Given information: Begin
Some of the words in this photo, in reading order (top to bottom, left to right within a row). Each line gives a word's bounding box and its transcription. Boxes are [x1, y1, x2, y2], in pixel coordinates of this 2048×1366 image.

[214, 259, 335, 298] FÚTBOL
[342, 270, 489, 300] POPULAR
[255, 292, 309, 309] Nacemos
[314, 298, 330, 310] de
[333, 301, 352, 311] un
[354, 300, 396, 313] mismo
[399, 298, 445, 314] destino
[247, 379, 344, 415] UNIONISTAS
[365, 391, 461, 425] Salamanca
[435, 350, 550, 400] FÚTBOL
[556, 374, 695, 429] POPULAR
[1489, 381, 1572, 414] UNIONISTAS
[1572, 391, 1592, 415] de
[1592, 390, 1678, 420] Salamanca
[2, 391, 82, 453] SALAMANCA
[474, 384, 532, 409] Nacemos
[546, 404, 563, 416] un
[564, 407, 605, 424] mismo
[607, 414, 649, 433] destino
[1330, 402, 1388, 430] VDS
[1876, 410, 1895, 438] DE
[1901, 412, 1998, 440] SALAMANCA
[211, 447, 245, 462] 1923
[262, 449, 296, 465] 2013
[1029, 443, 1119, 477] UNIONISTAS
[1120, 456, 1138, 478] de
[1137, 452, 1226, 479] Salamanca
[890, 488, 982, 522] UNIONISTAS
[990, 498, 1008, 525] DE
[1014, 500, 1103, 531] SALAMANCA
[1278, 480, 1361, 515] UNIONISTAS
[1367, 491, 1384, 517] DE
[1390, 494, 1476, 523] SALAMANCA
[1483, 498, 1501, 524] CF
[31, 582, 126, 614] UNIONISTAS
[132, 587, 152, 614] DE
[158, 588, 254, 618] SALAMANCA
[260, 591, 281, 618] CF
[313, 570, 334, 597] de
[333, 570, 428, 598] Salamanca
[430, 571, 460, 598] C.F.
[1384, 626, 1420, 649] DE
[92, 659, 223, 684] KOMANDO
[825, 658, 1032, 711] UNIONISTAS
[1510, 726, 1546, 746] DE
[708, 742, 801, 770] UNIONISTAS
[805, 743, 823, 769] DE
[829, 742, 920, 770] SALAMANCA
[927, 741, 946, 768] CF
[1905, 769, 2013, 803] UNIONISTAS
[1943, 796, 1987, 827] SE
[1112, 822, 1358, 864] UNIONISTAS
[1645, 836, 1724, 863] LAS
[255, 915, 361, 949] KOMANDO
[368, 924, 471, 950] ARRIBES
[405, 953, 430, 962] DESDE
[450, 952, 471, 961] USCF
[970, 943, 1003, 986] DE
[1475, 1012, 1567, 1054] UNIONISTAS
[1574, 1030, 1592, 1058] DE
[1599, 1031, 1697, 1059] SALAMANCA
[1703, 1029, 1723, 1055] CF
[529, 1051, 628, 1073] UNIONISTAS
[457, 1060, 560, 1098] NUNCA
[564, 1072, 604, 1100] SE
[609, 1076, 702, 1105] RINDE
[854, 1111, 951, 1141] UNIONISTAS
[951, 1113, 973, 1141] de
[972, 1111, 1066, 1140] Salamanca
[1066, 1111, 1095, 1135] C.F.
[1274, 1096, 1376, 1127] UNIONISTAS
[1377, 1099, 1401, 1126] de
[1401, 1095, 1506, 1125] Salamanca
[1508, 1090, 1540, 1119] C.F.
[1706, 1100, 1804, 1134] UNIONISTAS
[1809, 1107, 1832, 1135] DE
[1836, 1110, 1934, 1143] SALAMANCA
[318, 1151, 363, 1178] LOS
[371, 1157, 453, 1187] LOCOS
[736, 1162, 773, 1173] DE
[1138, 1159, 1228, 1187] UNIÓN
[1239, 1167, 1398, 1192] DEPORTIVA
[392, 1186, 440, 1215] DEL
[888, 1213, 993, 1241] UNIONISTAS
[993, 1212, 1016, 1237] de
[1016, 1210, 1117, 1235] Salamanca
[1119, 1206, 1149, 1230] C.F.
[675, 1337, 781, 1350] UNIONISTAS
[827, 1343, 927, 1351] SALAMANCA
Given information: End
What is expected | Only lines containing the string "Nacemos" belong in the answer; find them in the data above and copy them.

Exercise output |
[255, 292, 309, 309] Nacemos
[474, 384, 532, 409] Nacemos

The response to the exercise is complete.